Té negro: características y producción
El té negro se distingue por someterse a un proceso de fermentación completa, lo que le confiere un aroma característico descrito como “almizclado” y un color muy oscuro, casi negro, al prepararse. Esta variedad de té es principalmente producida en países como India y Sri Lanka, que lideran su producción a nivel mundial. Además, China y Kenia también contribuyen significativamente a la producción de té negro. La fermentación completa es el factor clave que diferencia al té negro de otras variedades, otorgándole sus propiedades organolépticas únicas y su color intenso.
Té verde: características y producción
El té verde se distingue por su proceso de producción en el que prácticamente no se somete a fermentación, lo que permite conservar al máximo los compuestos biológicamente activos presentes en la hoja fresca de té. Este método de elaboración contribuye a mantener las propiedades naturales y beneficiosas de la planta. Durante la producción, el té verde puede pasar por etapas de secado que a veces incluyen un proceso de ahumado, lo que añade características particulares al producto final. Los principales países productores de té verde son China y Japón, siendo este último un caso especial, ya que su producción se centra exclusivamente en el té verde y está destinada principalmente al consumo interno. Esta particularidad refleja la importancia cultural y económica que tiene el té verde en Japón, consolidándolo como un elemento fundamental dentro de su tradición.
Las variedades de té más caras
El té más caro del mundo es el chino conocido como «Gran Manto Rojo» o «Da Hong Pao», cuyo precio alcanza los 680,000 dólares estadounidenses por kilogramo. Este té pertenece a la categoría de los tés oolong y se caracteriza por una fermentación intensa que le confiere un aroma y sabor distintivos. Las hojas de «Da Hong Pao» provienen originalmente de solo seis arbustos ubicados cerca del monasterio Tian Xin, lo que contribuye a su exclusividad y elevado costo.

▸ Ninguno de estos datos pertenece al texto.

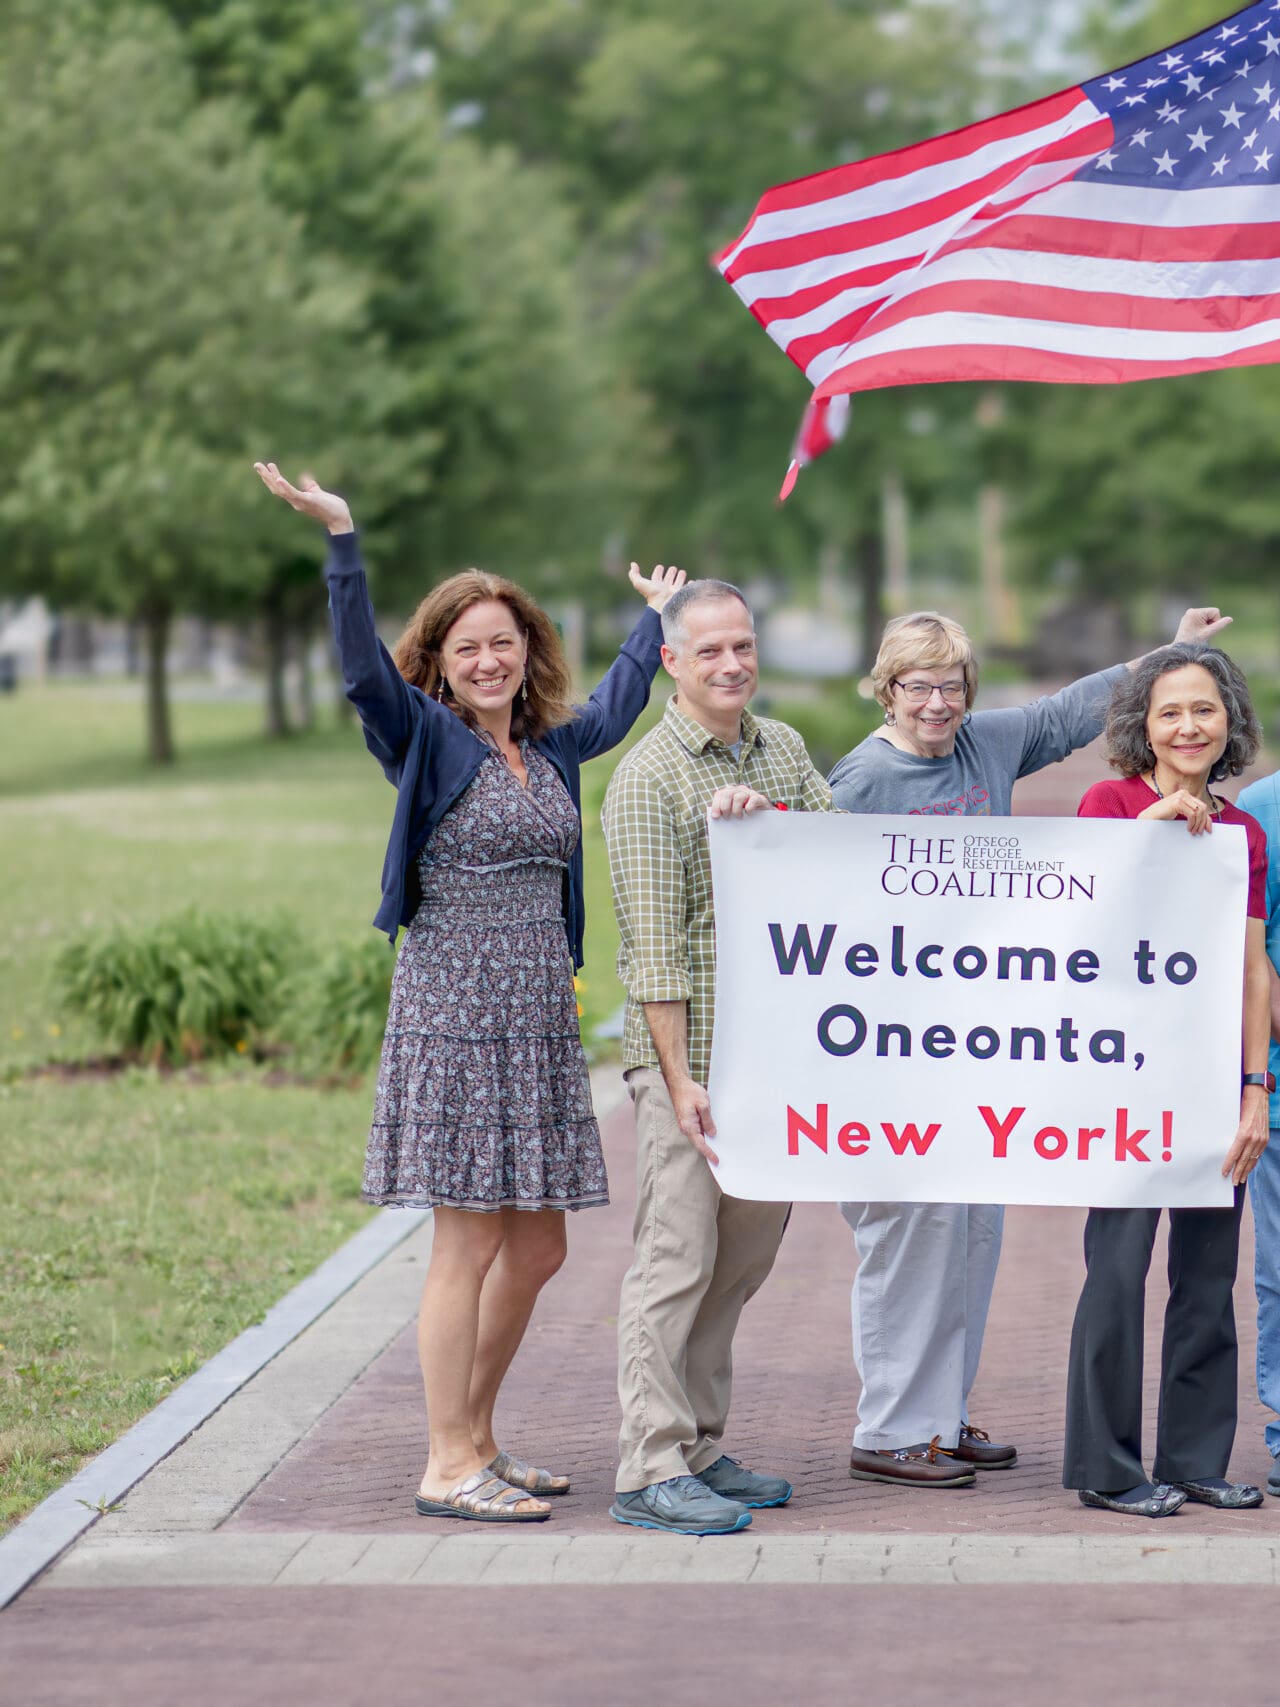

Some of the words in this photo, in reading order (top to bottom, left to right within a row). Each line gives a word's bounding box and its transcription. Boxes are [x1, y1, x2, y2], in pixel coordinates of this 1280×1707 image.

En el segundo lugar de las variedades más costosas se encuentra el «Taishi Oolong», también de origen chino, con un precio de 250,000 dólares por kilogramo. Le sigue en tercer lugar el té «Anxi», igualmente chino, cuyo valor es de 160,000 dólares por kilogramo.
El cuarto puesto en esta clasificación lo ocupa el té indio «Darjeeling», con un precio de 18,000 dólares por kilogramo. Este té se cultiva exclusivamente en una región específica de los Himalayas, lo que limita su producción y contribuye a su alto valor en el mercado.
Estas variedades representan la cúspide del mercado del té en términos de precio, reflejando tanto su rareza como las características particulares de cultivo y procesamiento que las distinguen.
Mate: la bebida tradicional latinoamericana
El mate, conocido también como té paraguayo, es una bebida tradicional de América Latina elaborada a partir de las hojas del árbol llamado Ilex paraguariensis, comúnmente conocido como palo santo paraguayo. Esta infusión es especialmente popular en países como Argentina, Paraguay y Brasil, donde forma parte integral de la cultura y las costumbres locales. El mate se consume de manera habitual y es valorado por su sabor característico y sus propiedades estimulantes. Su preparación y consumo representan una tradición que ha trascendido generaciones, consolidándose como un símbolo de identidad regional dentro del amplio espectro de las bebidas derivadas del té.